Questo almeno dicono i rumors e così la questione è destinata a creare un «incidente diplomatico», tanto che sabato mattina la foto in cui è stata «taggata» Marina Buffoni che compariva nella sua pagina personale sul social network è stata tolta di gran fretta, ma non abbastanza per non essere vista.

«Se vale il detto «dimmi con chi mangi e ti dirò chi sei», siamo messi bene», tuona il segretario del Pd di Conegliano Alessandro Bortoluzzi che rincara la dose: «Mi pare una pessima figura, che crea notevole imbarazzo a chi nel Pdl non frequenta certe compagnie».

Bortoluzzi, il cui partito ha da poco annunciato l’intenzione di sostenere la candidatura dell’ex procuratore della Repubblica a Treviso Antonio Fojadelli si dice «sconcertato» per la foto pubblicata sul web e aggiunge «se l’aria di riferimento è quella, ha ben poco a che vedere con l’area moderata del Pdl. Il segretario del Pd allarga il discorso alla campagna elettorale che vede Marina Buffoni appoggiare la candidatura di Floriano Zambon, dopo aver preso le distanze dall’attuale giunta guidata dall’azzurro Alberto Maniero, sollevando polemiche su più questioni. «Che non vengano a dirmi che questo è lo schieramento moderato – continua Bortoluzzi - la ritrovata unità dopo quello che si è visto in consiglio comunale negli ultimi cinque anni mi sembra puro opportunismo politico».

E in un momento in cui gli azzurri si sono ritrovati orfani a sorpresa dell’appoggio della Lega, con l’accordo saltato quando il segretario comunale del Carroccio Loris Zava e il consigliere Christian Boscariol erano già all’hotel Cristallo per la conferenza stampa di presentazione di Floriano Zambon, il segretario del Pd sottolinea come anche i rapporti tra Lega e Marina Buffoni non fossero stati sempre splendidi.

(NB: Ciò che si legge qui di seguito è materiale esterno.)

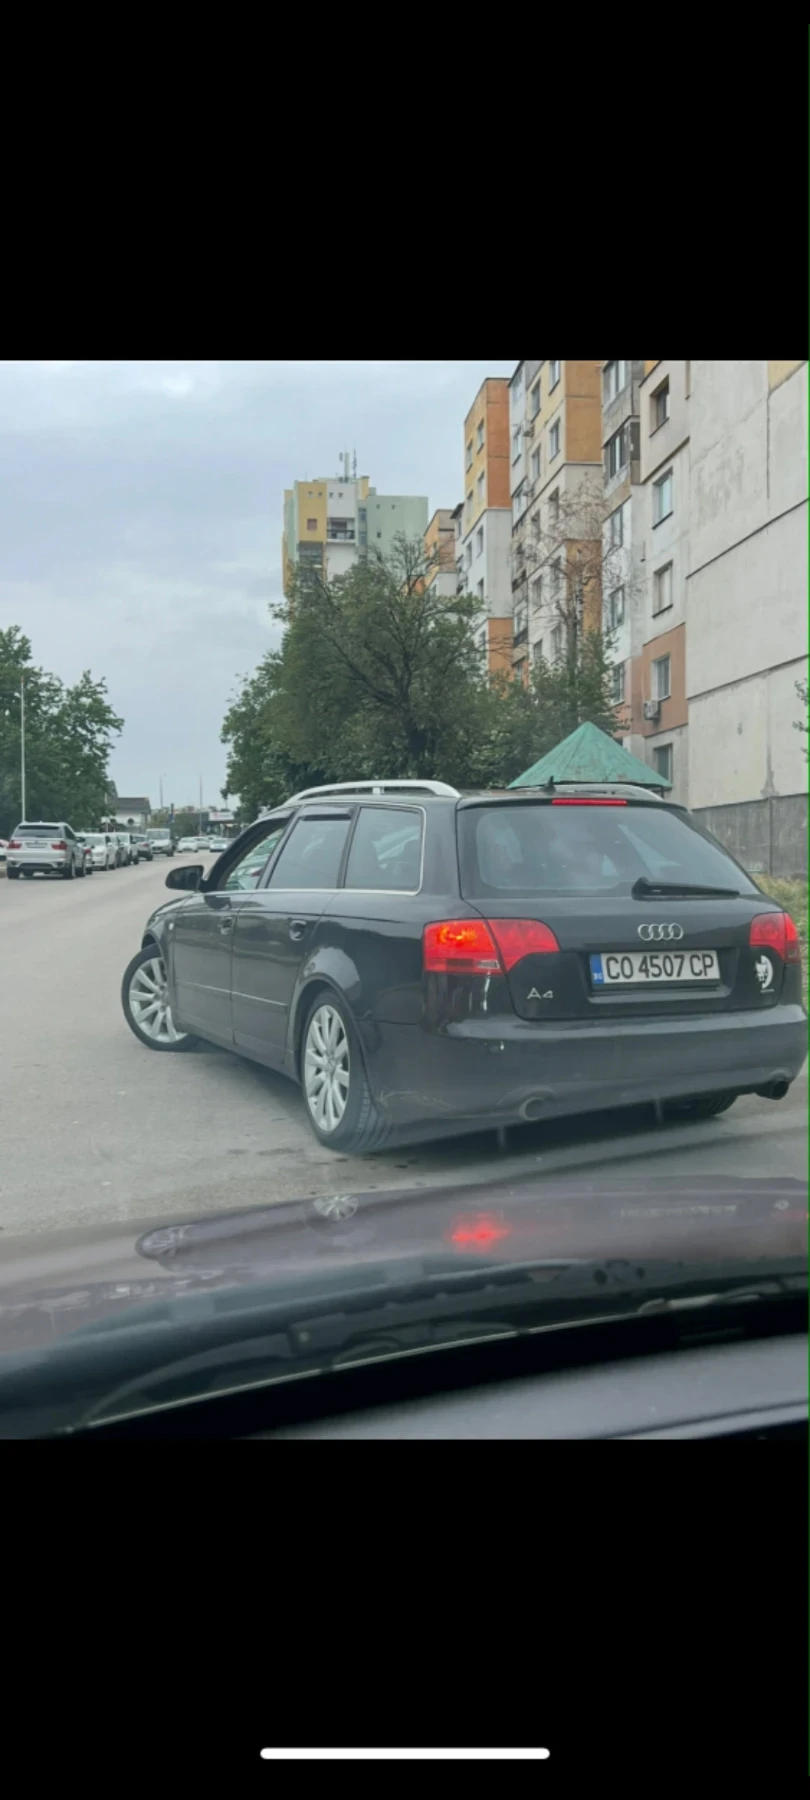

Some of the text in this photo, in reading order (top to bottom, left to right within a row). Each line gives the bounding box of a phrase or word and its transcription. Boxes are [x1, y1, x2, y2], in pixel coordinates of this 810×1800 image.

[605, 953, 715, 980] CO 4507 CP
[526, 987, 554, 1000] A4

Bortoluzzi ricorda l’episodio del dicembre scorso quando il consigliere della Lega Giovanni Dei Tos aveva chiesto che Marina Buffoni e Mauro Luigi Deidda (entrambi di An nel Pdl) fossero messi a sedere tra i banchi della minoranza perché la loro assenza in aula sommata a quella di Nalon (Lega), Ros (Adc) e Colombari (Pdl) aveva mandato ko il centrodestra.